Q. "The evidence offered by Irving for the encounter between
Eberstein and Hitler" which you will agree is quite a
crucial encounter, is it not?
A. In your account, yes.
Q. "The evidence offered by Irving for this is the testimony
of Wilhelm Bruchner". My Lord, do you now understand why
. P-20
I am zeroing in on this particular collection of documents
which the witness has made no attempt to find?
MR JUSTICE GRAY: No, I have not the faintest idea, no.
I really have not.
MR IRVING: My Lord, your Lordship is familiar with the meeting
between Hitler and the Police Chief of Munich in the
middle of the night on the night in question?
MR JUSTICE GRAY: Yes, I am.
MR IRVING: And one source for that meeting was the papers of
Wilhelm Bruchner which is the papers which I donated - ---
MR JUSTICE GRAY: You cite that, do you, in Goebbels?
MR IRVING: Which are the papers which I donated, well, the
reference in Goebbels is page 277.
MR JUSTICE GRAY: Yes.

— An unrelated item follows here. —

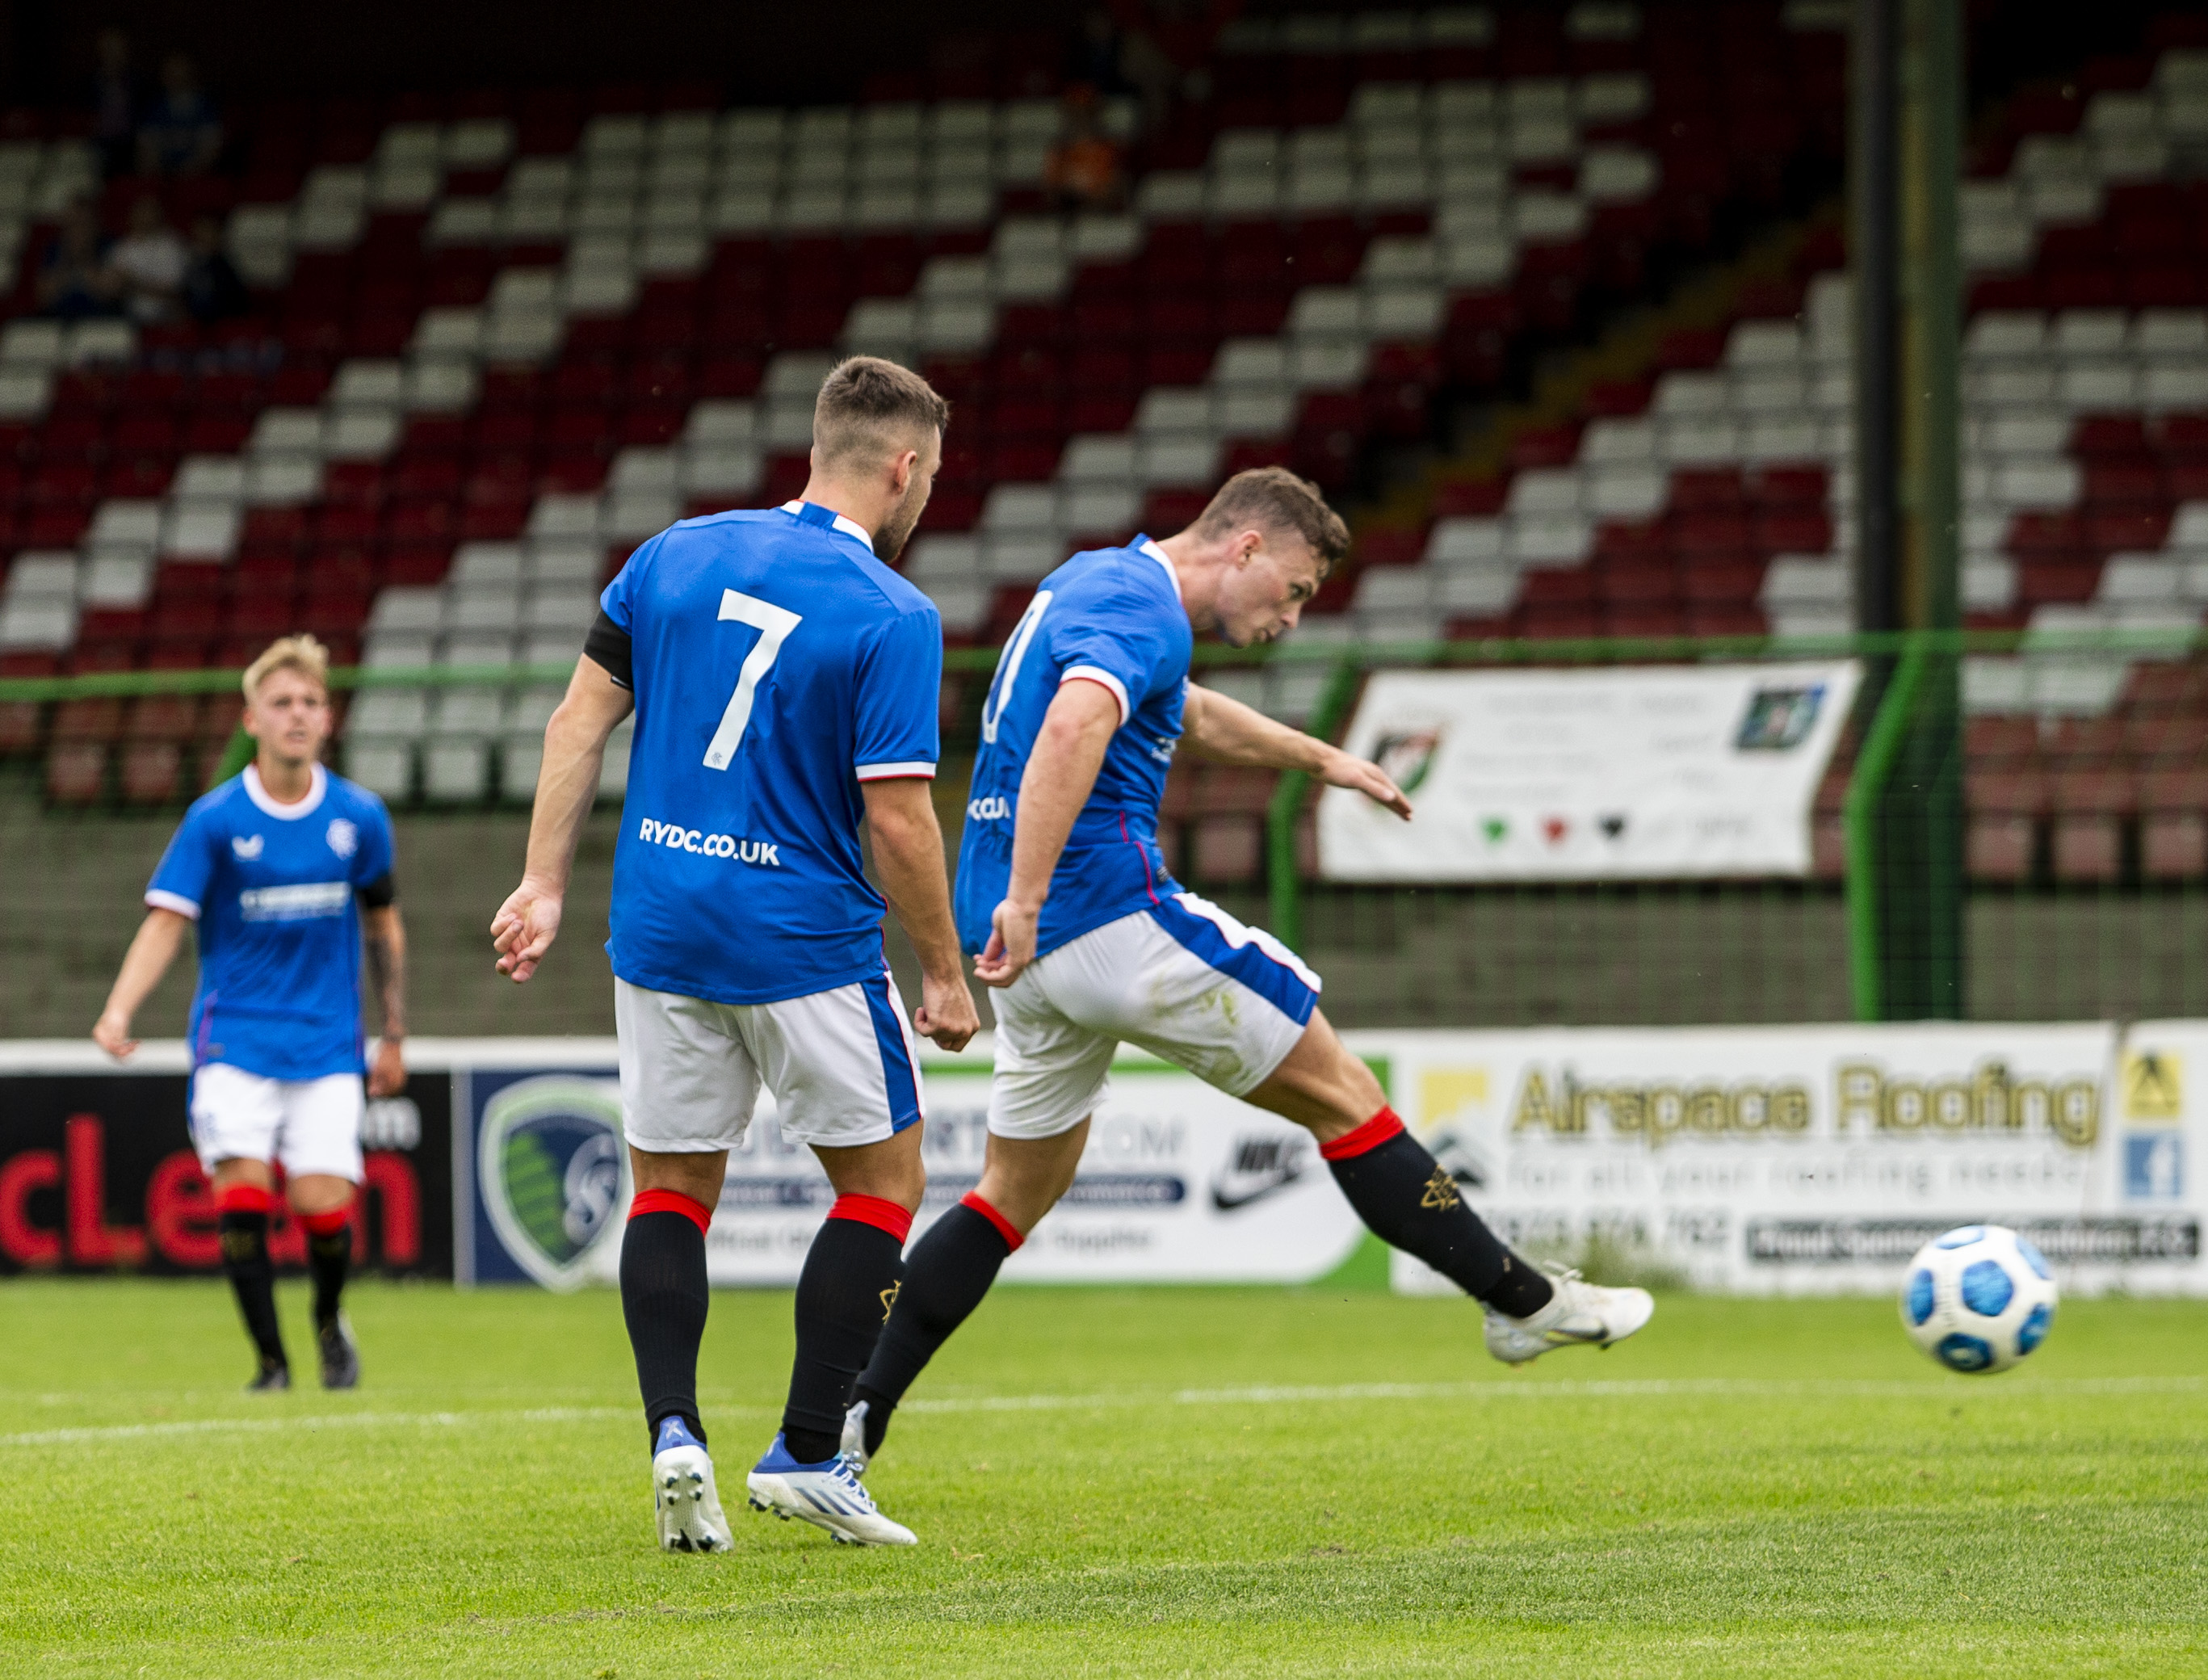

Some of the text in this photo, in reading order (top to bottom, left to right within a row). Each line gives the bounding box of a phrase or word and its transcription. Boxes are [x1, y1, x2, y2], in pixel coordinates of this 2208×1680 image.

[703, 588, 803, 771] 7
[639, 817, 780, 866] RYDC.CO.UK
[1509, 1056, 2098, 1151] Airspace Roofing

I am just looking at the footnotes at 277.
A. Could I have a copy, please ----
Q. Footnote 45 is what you are referring to, is it?

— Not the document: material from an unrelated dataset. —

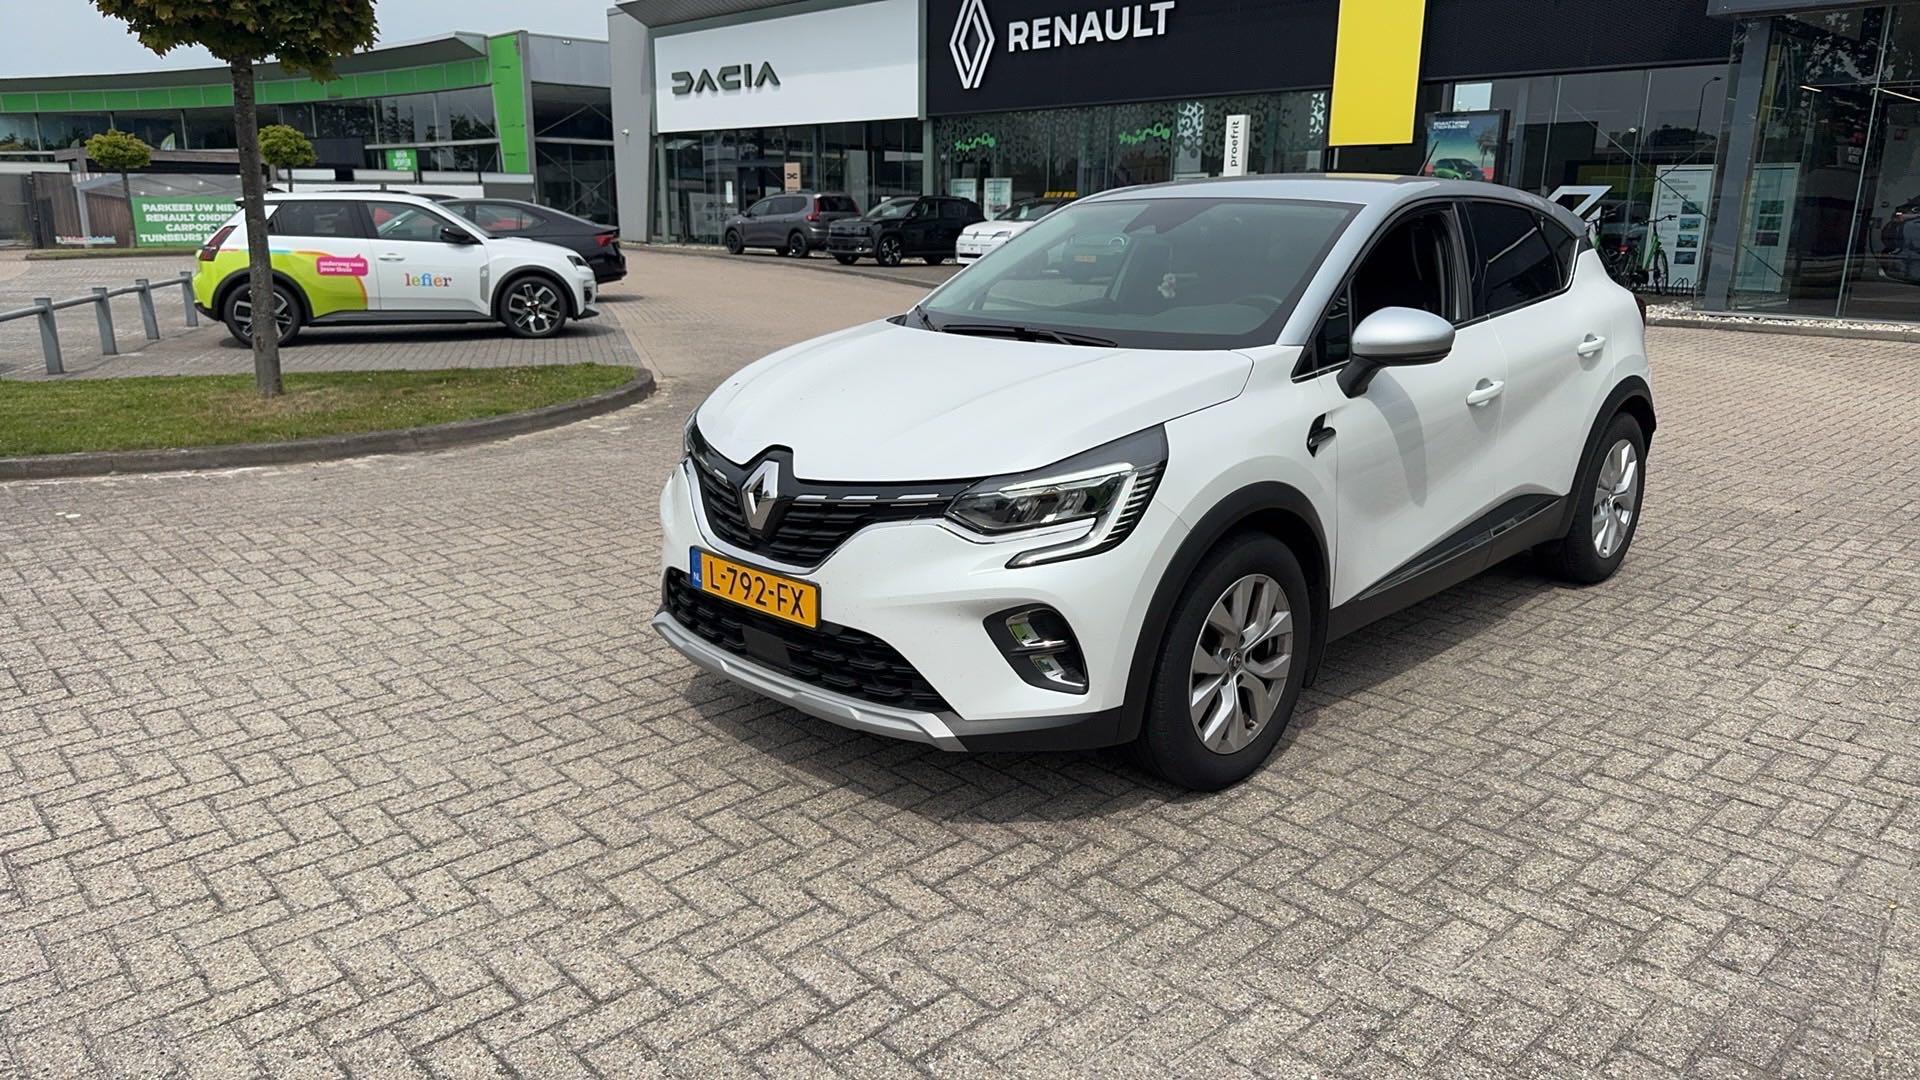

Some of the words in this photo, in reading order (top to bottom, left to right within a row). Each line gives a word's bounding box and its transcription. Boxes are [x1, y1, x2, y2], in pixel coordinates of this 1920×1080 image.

A. --- of what we are talking about here?
MR JUSTICE GRAY: 630.
MR RAMPTON: It says: "Testimony of Wilhelm Bruchner (IfZ,
Irving collection)".
MR IRVING: That should be plain enough, should it not.
A. No.
Q. Is the IfZ the Institute of History in Munich?
A. Yes.
Q. But is the Irving collection a well-known body of
. P-21
documents there under the designation Ed200 or Ed100?

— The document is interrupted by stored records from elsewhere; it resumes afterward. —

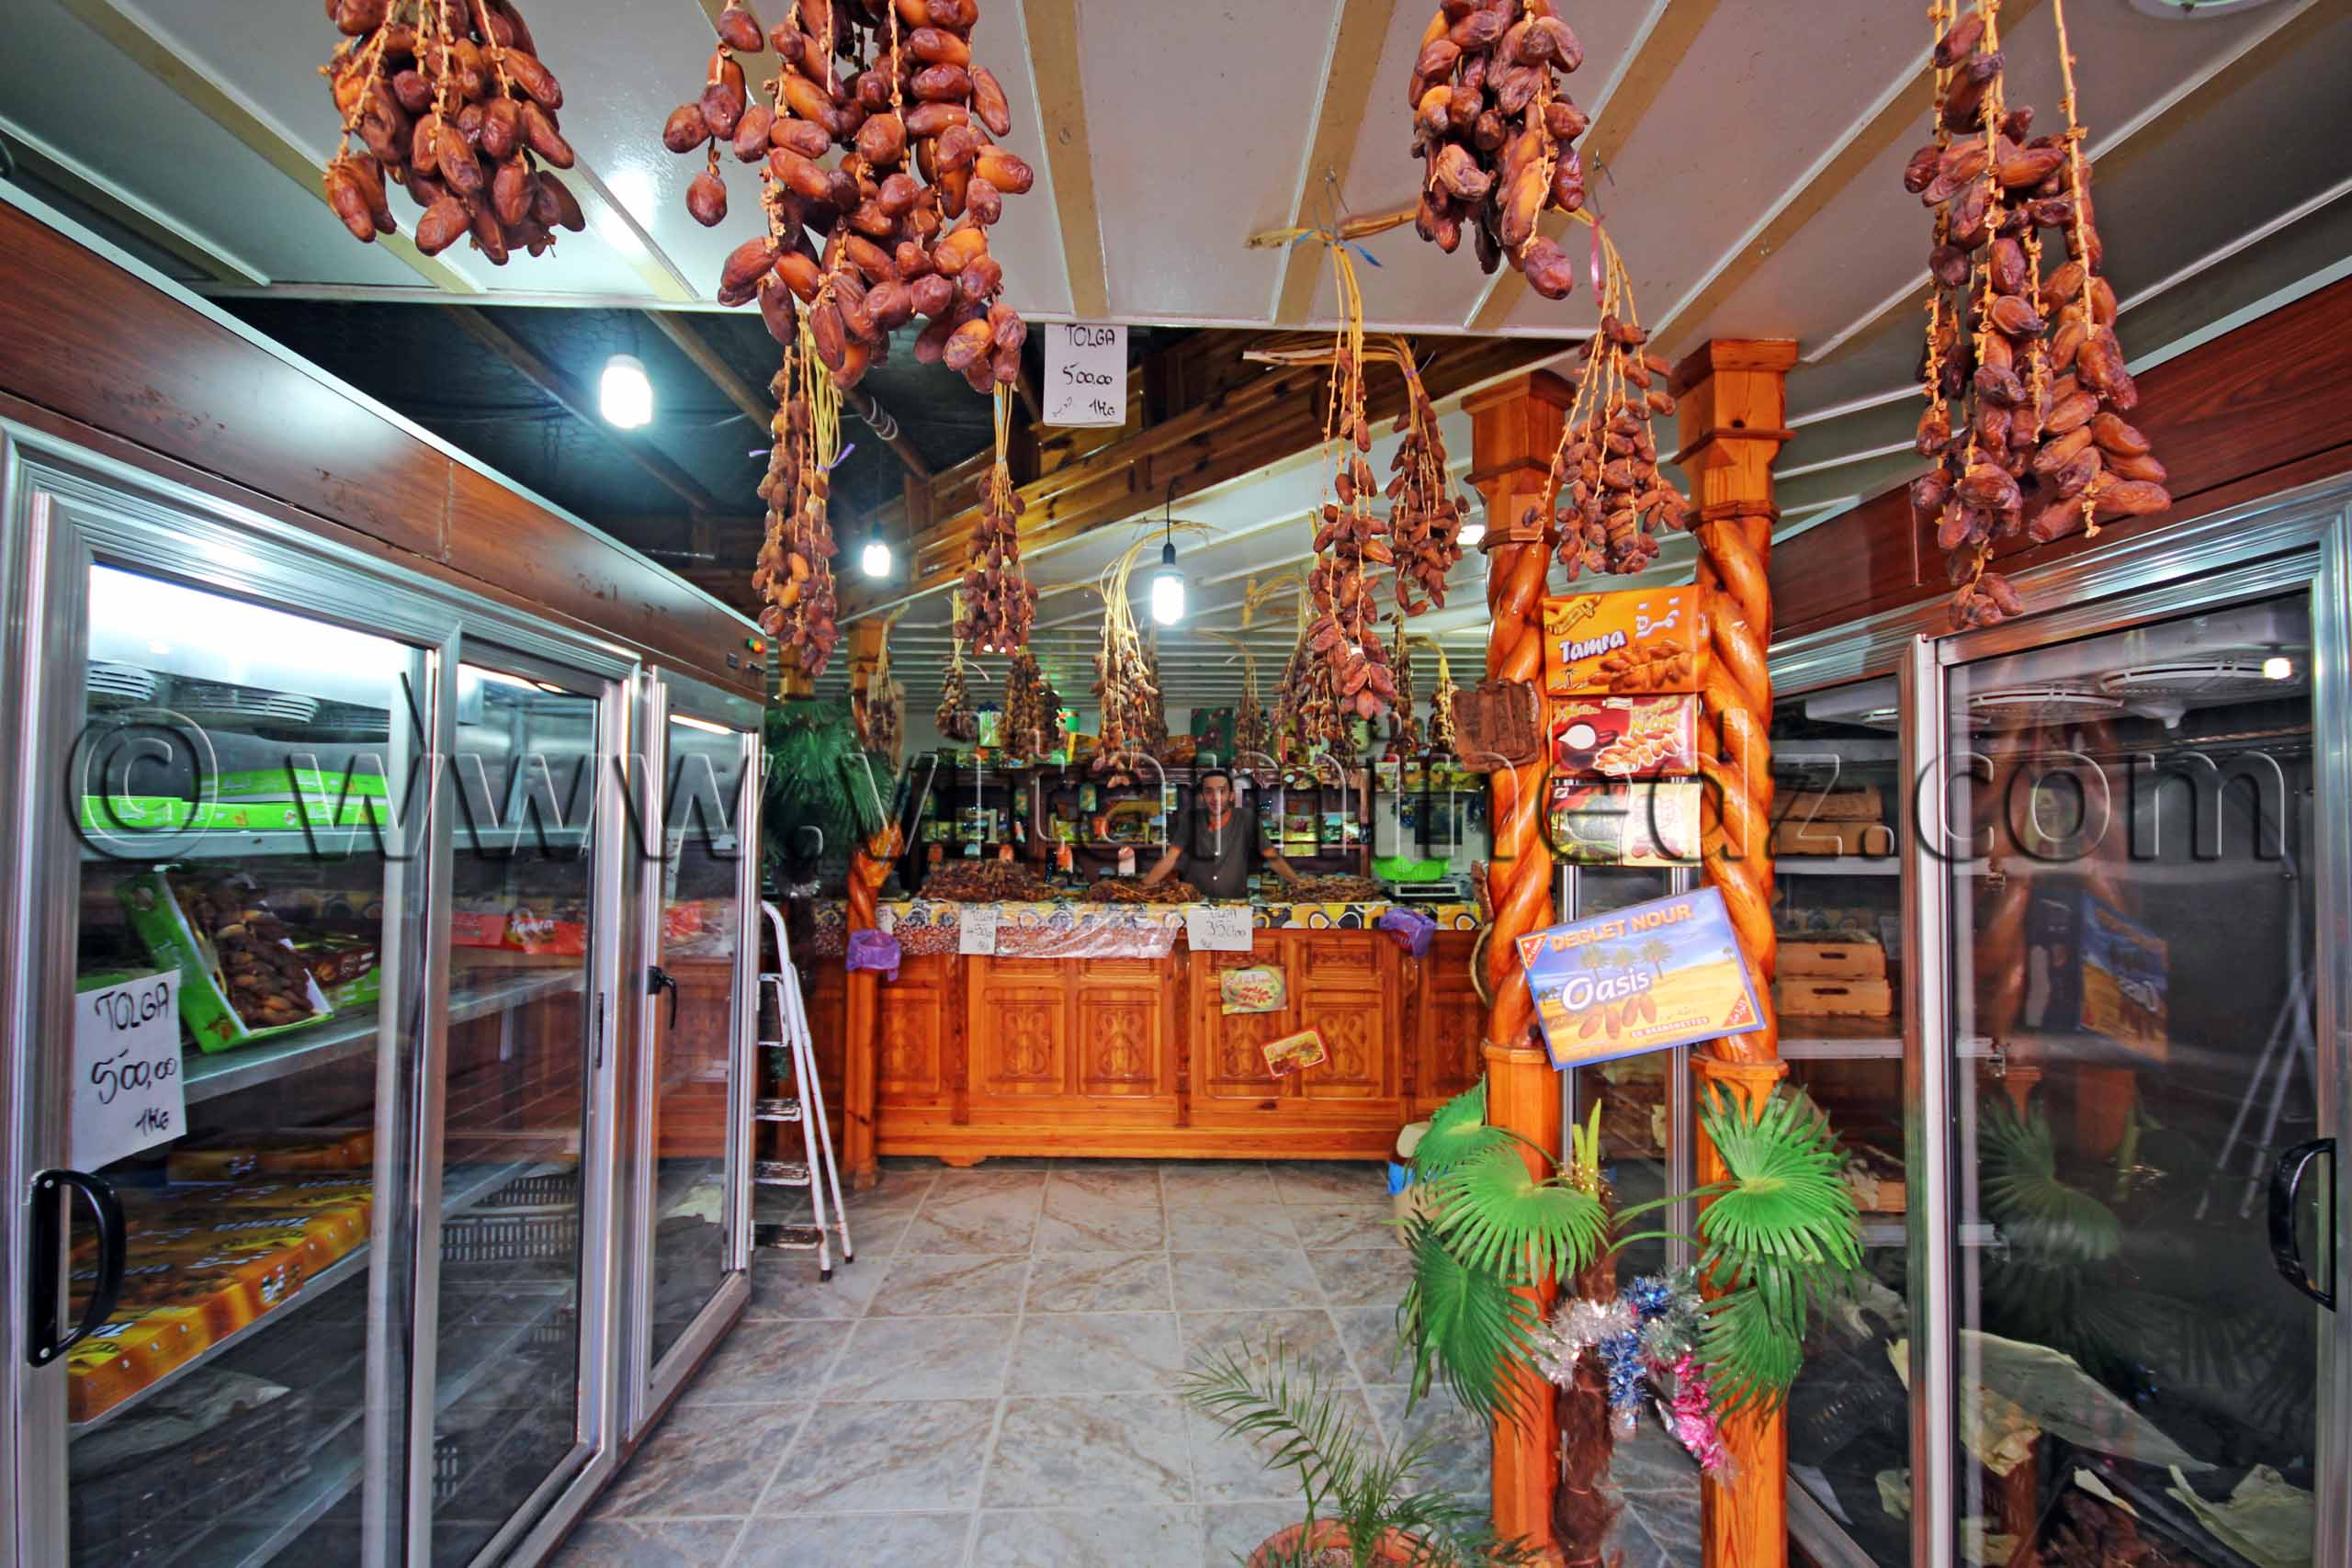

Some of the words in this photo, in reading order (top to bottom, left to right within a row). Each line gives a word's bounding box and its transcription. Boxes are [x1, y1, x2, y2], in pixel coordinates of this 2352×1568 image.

[1064, 323, 1115, 348] TOLGA
[1634, 596, 1680, 638] تمرة
[1559, 629, 1626, 664] Tamra
[1551, 919, 1626, 953] DEGLET
[1631, 903, 1692, 931] NOUR
[95, 981, 170, 1032] TOLGA
[1562, 969, 1650, 1010] Oasis

A. Sorry, let me please just check this. Page 277 at
footnote 45.
MR RAMPTON: Page 613.
A. 613.
MR IRVING: This is going to take a long time if we have to go
into this.
MR JUSTICE GRAY: Well, we started it back to front, if I may
say so, Mr Irving. If we are going to go on this like
this, I think I will make this observation to you. There
is a criticism made of your account, particularly in
relation to Hitler's knowledge of the pogrom that broke
out during the course of whenever it was, 10th November,
I think. It would be helpful to me if you went to the
passage in Goebbels which is the subject of the criticism,
then went to what you say is the source for what you
write. As it is, we plunged into an extremely obscure
document called the Deckblatt without any indication of
where you were going; the result was I was not following
your cross-examination.
MR IRVING: I apologise, my Lord ----
MR JUSTICE GRAY: Do you see my point?
MR IRVING: --- if I am not making myself plain. The reason
for this particular reason line of cross-examination is
I am trying to establish the repugnant allegations made
about me for having made statements in my books with no
. P-22
kind of foundation is the result of these expert witnesses
not having looked in the file which I actual reference in
the book.
MR JUSTICE GRAY: Yes, but I do not think you are quite
understanding what I am saying.
A. It would have been helpful I think if in your
cross-examination you had gone to page 277 and shown me
the passage that you are seeking to justify, namely
sending for the police chief, Eberstein, and Eberstein
finding Hitler livid with rage, and phoning Goebbels,
saying what is going on, and then you can of course take
me to what Bruckner says about it, what Eberstein says
about it, and we can see where we go from there. Is that
not the right way of doing it?
MR IRVING: In this case unfortunately not, because your
Lordship will have caught the words that I used when I
said that the expert witnesses have access to these papers
of mine but I do not. I am disbarred from visiting my own
archives, my own collection. I am drawing to their
attention----
MR JUSTICE GRAY: You can give evidence. All right, you are
not able to produce in disclosure Bruckner's account of
these events, but you can put to Professor Evans what you
say Bruckner's account reveals, can you not?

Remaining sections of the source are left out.